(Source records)
----

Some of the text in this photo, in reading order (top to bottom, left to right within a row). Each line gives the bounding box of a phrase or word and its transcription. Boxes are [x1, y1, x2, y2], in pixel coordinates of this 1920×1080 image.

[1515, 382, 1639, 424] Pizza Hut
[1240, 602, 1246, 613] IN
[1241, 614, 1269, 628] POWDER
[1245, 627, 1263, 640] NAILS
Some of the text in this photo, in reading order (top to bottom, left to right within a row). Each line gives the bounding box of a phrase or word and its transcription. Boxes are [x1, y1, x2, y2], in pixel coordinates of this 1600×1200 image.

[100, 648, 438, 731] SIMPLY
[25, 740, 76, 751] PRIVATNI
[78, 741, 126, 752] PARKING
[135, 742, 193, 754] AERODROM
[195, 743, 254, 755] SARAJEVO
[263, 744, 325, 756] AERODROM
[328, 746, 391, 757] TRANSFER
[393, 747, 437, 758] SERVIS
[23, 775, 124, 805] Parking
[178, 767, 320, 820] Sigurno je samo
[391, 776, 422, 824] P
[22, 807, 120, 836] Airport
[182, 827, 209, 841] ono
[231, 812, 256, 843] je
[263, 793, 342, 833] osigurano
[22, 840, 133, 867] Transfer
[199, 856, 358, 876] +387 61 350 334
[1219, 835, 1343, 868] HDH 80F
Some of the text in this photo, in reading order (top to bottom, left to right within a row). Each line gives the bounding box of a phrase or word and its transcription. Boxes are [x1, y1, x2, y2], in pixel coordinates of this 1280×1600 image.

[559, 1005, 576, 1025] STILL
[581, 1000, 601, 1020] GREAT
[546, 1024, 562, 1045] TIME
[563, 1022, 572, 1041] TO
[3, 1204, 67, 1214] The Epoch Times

----

REQUIRED WORK: Retype exactly, and only, the lines that run from the one with "this 1600×1200 image." through the final line of the entries.

OUTPUT OF THE EXERCISE:
Some of the text in this photo, in reading order (top to bottom, left to right within a row). Each line gives the bounding box of a phrase or word and its transcription. Boxes are [x1, y1, x2, y2], in pixel coordinates of this 1600×1200 image.

[100, 648, 438, 731] SIMPLY
[25, 740, 76, 751] PRIVATNI
[78, 741, 126, 752] PARKING
[135, 742, 193, 754] AERODROM
[195, 743, 254, 755] SARAJEVO
[263, 744, 325, 756] AERODROM
[328, 746, 391, 757] TRANSFER
[393, 747, 437, 758] SERVIS
[23, 775, 124, 805] Parking
[178, 767, 320, 820] Sigurno je samo
[391, 776, 422, 824] P
[22, 807, 120, 836] Airport
[182, 827, 209, 841] ono
[231, 812, 256, 843] je
[263, 793, 342, 833] osigurano
[22, 840, 133, 867] Transfer
[199, 856, 358, 876] +387 61 350 334
[1219, 835, 1343, 868] HDH 80F
Some of the text in this photo, in reading order (top to bottom, left to right within a row). Each line gives the bounding box of a phrase or word and its transcription. Boxes are [x1, y1, x2, y2], in pixel coordinates of this 1280×1600 image.

[559, 1005, 576, 1025] STILL
[581, 1000, 601, 1020] GREAT
[546, 1024, 562, 1045] TIME
[563, 1022, 572, 1041] TO
[3, 1204, 67, 1214] The Epoch Times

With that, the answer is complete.